Crédit photo: Luc Lavergne

Chimène et Rodrigue s’aiment, passionnément, et tout semble jouer en leur faveur : le mariage est imminent, et le père de Chimène, Don Gomes, a déjà approuvé l’union. Mais un différend naît lorsque celui-ci découvre que le père de Rodrigue, Don Diègue, est nommé Gouverneur du Roi, titre qu’il convoitait. Il rompt l’union en le provoquant d’un soufflet bien franc. Suite à cette injure publique, Don Diègue demande à son fils de le venger.

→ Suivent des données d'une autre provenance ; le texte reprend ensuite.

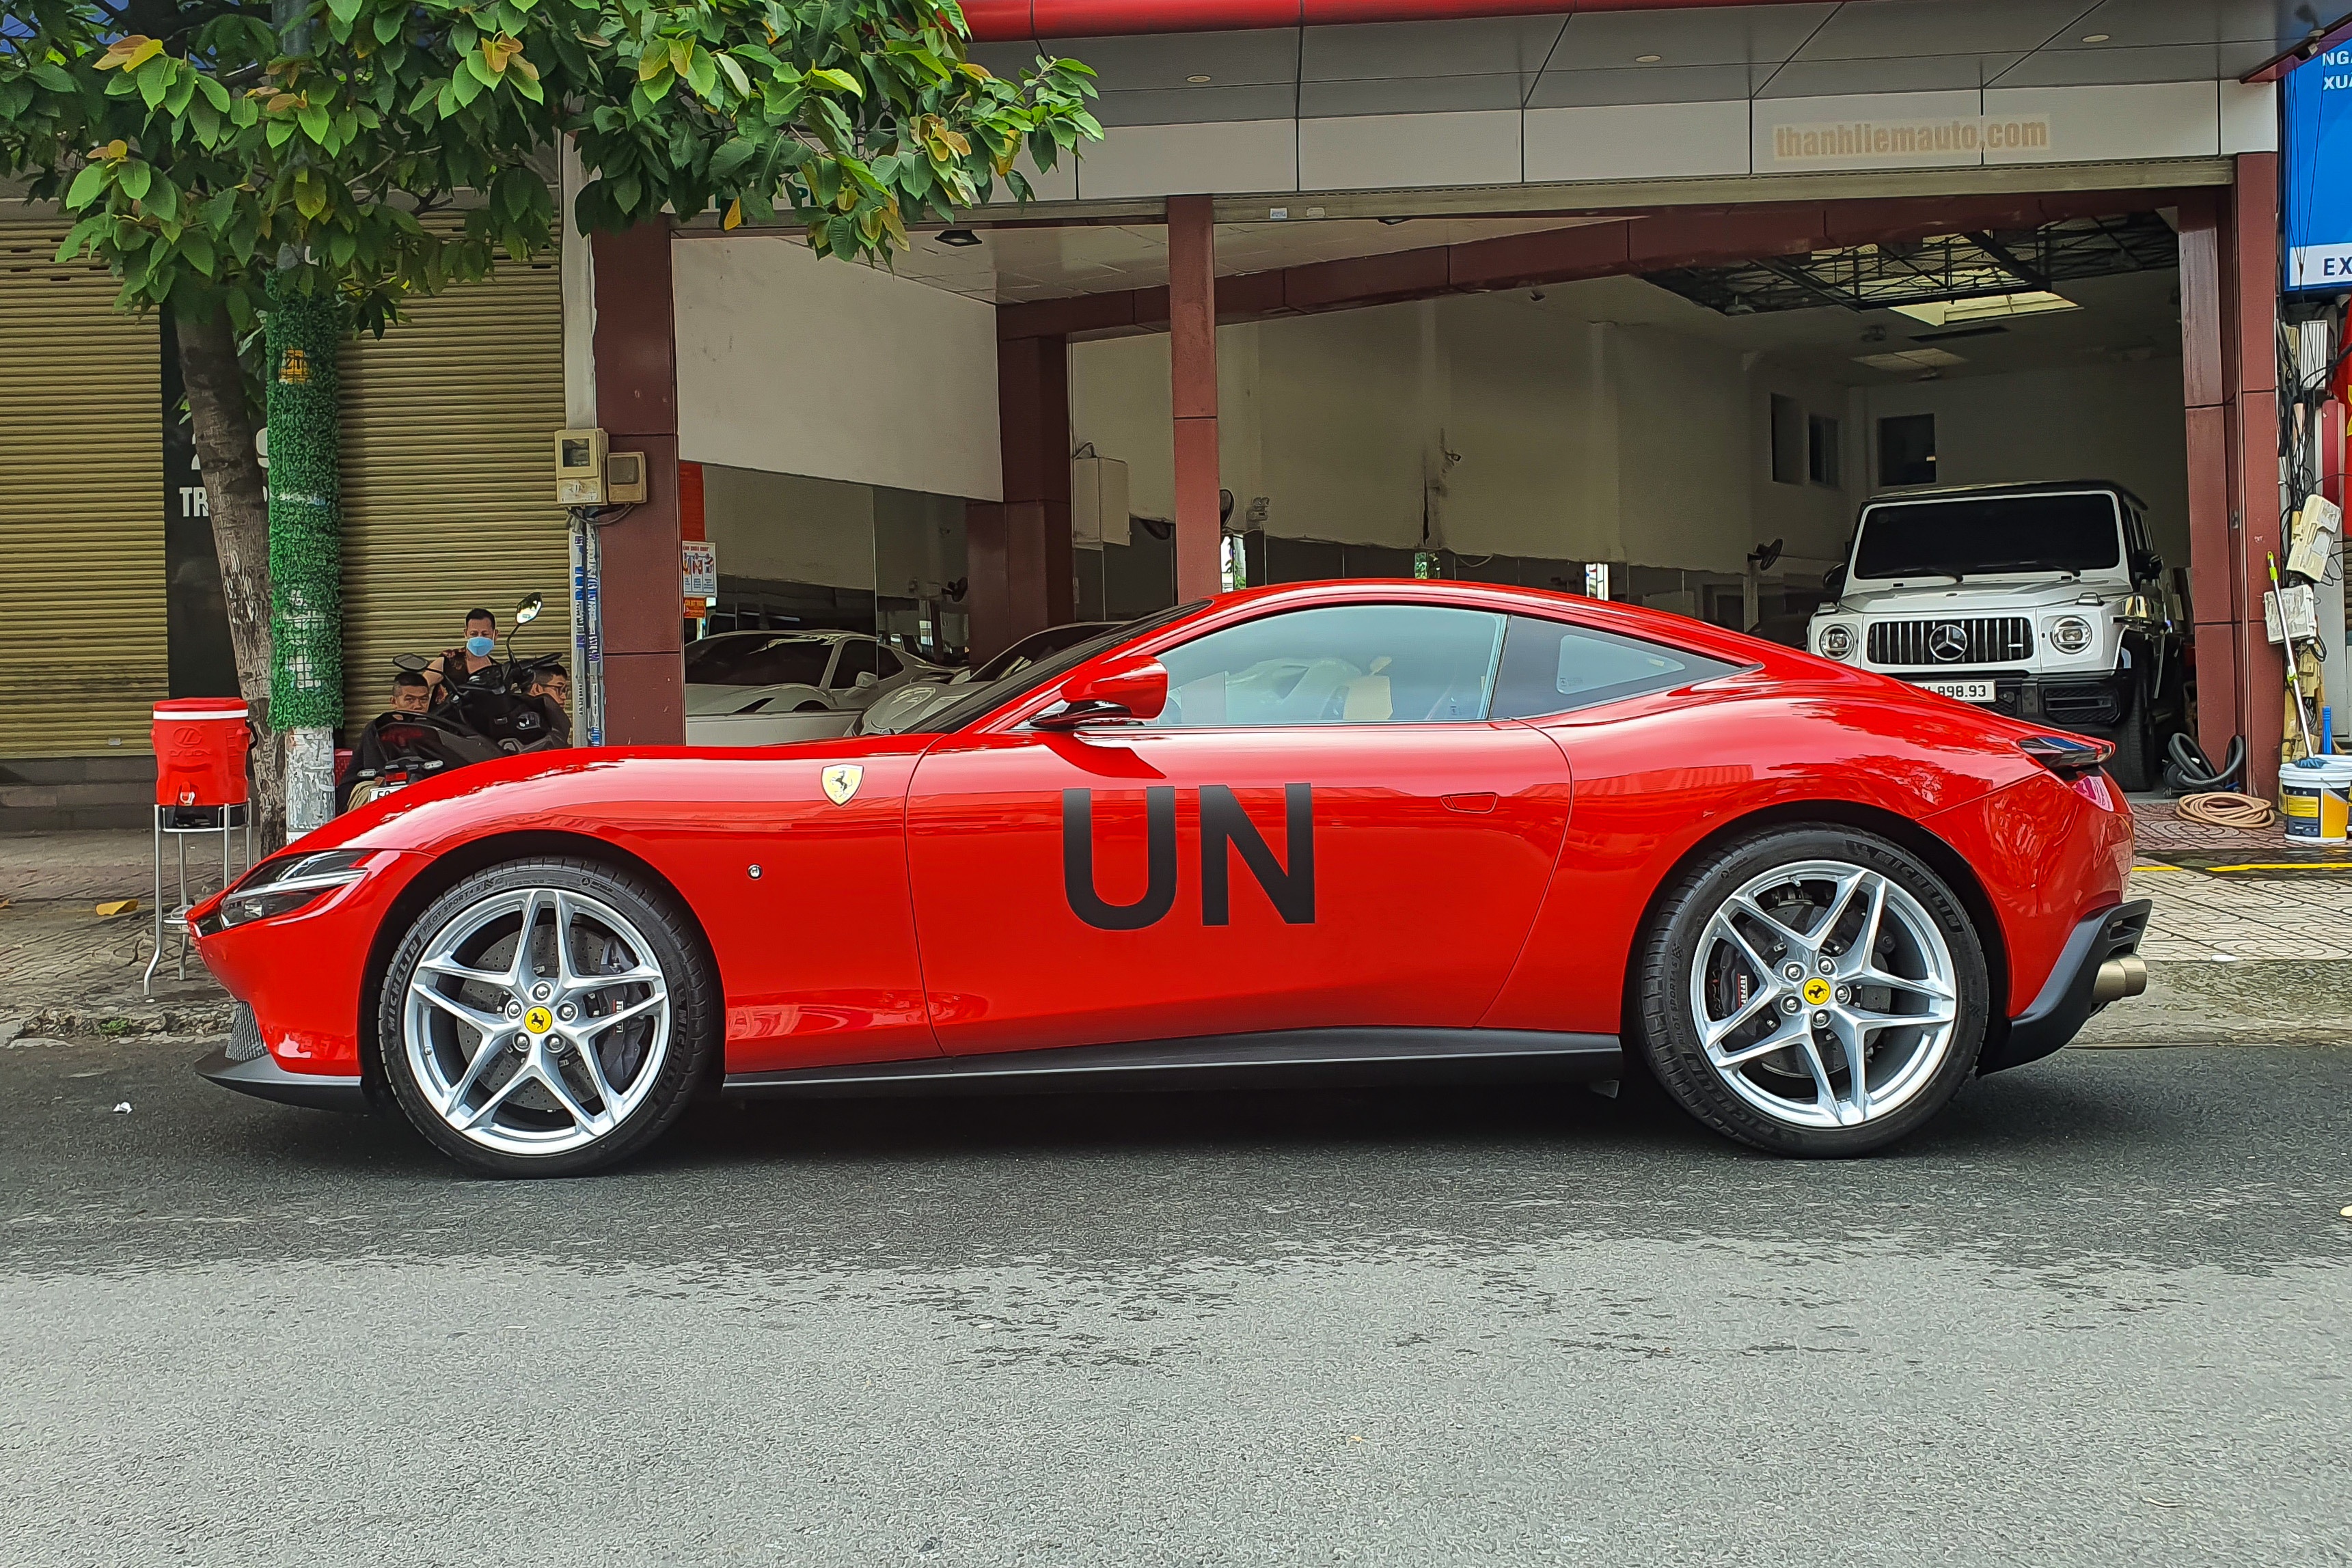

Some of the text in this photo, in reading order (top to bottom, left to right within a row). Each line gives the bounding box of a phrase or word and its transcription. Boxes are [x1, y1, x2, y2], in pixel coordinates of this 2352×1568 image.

[2322, 51, 2352, 66] NG
[1777, 121, 2047, 158] thanhliemauto.com
[1062, 782, 1315, 931] UN
[1874, 852, 1960, 927] MICHELIN
[422, 911, 442, 933] PILOT
[444, 891, 469, 913] SPORT
[387, 939, 419, 1032] MICHELIN
[1671, 1015, 1686, 1045] PILOT

Le jeune amoureux fait donc face à un dilemme déchirant : que choisir entre l’honneur familial et l’amour d’une vie ? Entre amour et raison, est-il possible d’en sortir indemne, heureux ? Daniel Paquette s’est donné le mandat de faire s’attaquer au Cid, histoire d’amour et de vengeance, dans toute sa complexité formelle. La tragicomédie de Corneille, celle qui a soulevé l’ire de certains Académiciens, reprend donc vie sur la scène du Théâtre Denise-Pelletier.

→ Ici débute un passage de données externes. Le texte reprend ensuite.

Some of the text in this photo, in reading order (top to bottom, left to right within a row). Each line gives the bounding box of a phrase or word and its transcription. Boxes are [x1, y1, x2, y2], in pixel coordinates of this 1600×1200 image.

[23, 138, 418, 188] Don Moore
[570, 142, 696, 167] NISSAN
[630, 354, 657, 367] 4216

Soulignons tout d’abord les choix de mise en scène faits par Paquette, ceux, notamment, de situer l’action dans un XVIIe siècle durant l’âge d’or espagnol (et non au XVIe siècle) et de suivre une mise en scène conventionnelle, dite «d’époque». Malgré un respect somme toute général des enjeux scéniques de l’époque, certaines incongruités malhabiles fragilisent la mise en scène de Paquette. Chimène pourrait-elle pointer du doigt son souverain ? Installerait-on réellement la dépouille de Don Gomes sur une vulgaire charrette ? On assiste à certains moments de malaise s’insérant mal dans la trame narrative préconisée par le metteur en scène : la scène de l’Infante flagellant son corps nu devant des représentations du Christ en est l’exemple le plus flagrant.

Représentant bien à lui seul le faste clinquant des «castillo» espagnols et son esthétique hispano-mauresque, le décor se trouve parfois encombré d’éléments esthétiques superflus et stéréotypés. La musique, mélange de flamenco et de castagnettes, est irritante, répétitive, et plus ou moins représentative de l’époque. Certains costumes et perruques sont tellement exagérément «espagnols» qu’ils en deviennent risibles.

Néanmoins, malgré ce «contenant» légèrement malhabile, c’est définitivement au niveau du jeu qu’on retrouve toute la puissance et la beauté du texte de Corneille, ainsi que tous les enjeux moraux qu’il soulève. Bien que quelques monologues trop statiques se perdent dans la scène vaste et vide (alourdissant un peu le rythme), d’autres marquent de par leur justesse. C’est le cas d’Alain Fournier, qui nous présente un roi humain et conciliant; ses vers font plaisir à entendre tellement ils sont manipulés avec habileté. Lise Martin campe une Chimène très forte et touchante; on devine un tempérament fier, malgré une tension morale douloureuse. Elle forme avec Carl Poliquin, notre Cid, un duo parfois figé, mais qui gagne en douces émotions dans quelques scènes touchantes. Saluons aussi les performances des gouvernantes, Anne Bédard et Chantal Dumoulin, au ton toujours juste, rassurant, et à la diction frôlant la perfection. Bref, bien que certaines interprétations soient un peu appuyées ou questionnables (Julie Gagné, en Infante, s’éparpille, semble se perdre), l’équipe du Cid est solide, cohésive.

Une pièce somme toute agréable à regarder, malgré certaines longueurs et incohérences. Ne serait-ce que pour ce brillant texte rendu habilement par une brochette de comédiens d’expérience, le jeu en vaut la chandelle.